--- START ---

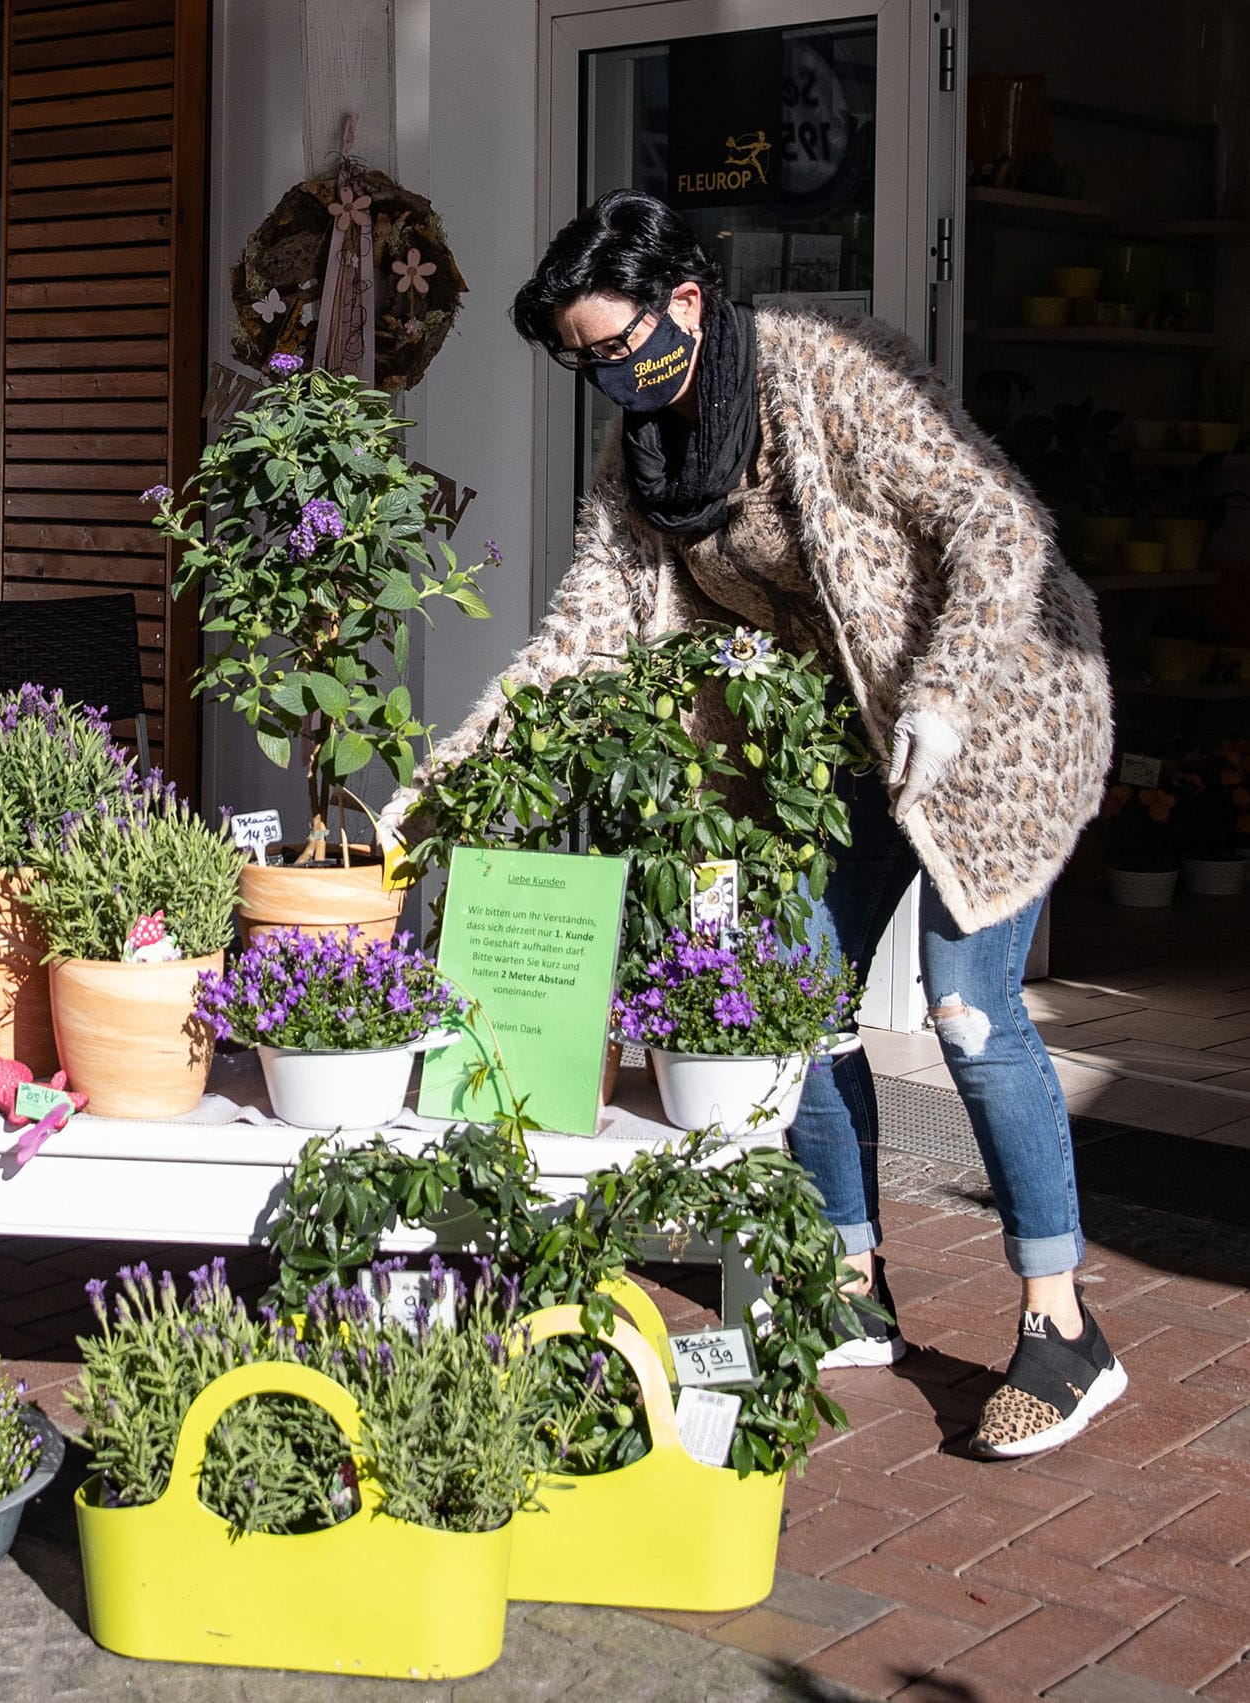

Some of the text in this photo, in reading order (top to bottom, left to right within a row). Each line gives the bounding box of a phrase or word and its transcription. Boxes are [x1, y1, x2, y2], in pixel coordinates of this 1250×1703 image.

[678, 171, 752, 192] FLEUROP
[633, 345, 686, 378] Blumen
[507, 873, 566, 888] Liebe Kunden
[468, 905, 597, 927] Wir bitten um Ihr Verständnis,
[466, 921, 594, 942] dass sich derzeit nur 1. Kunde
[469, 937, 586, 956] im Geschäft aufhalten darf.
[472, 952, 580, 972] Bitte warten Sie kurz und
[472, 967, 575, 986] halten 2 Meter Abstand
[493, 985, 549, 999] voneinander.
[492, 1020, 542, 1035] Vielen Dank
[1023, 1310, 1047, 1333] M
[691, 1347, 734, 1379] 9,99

--- END ---

## ACTIVITY
Give the material above again exactly as it stands, minus any images.

## SOLUTION TO THE PROBLEM
Some of the text in this photo, in reading order (top to bottom, left to right within a row). Each line gives the bounding box of a phrase or word and its transcription. Boxes are [x1, y1, x2, y2], in pixel coordinates of this 1250×1703 image.

[678, 171, 752, 192] FLEUROP
[633, 345, 686, 378] Blumen
[507, 873, 566, 888] Liebe Kunden
[468, 905, 597, 927] Wir bitten um Ihr Verständnis,
[466, 921, 594, 942] dass sich derzeit nur 1. Kunde
[469, 937, 586, 956] im Geschäft aufhalten darf.
[472, 952, 580, 972] Bitte warten Sie kurz und
[472, 967, 575, 986] halten 2 Meter Abstand
[493, 985, 549, 999] voneinander.
[492, 1020, 542, 1035] Vielen Dank
[1023, 1310, 1047, 1333] M
[691, 1347, 734, 1379] 9,99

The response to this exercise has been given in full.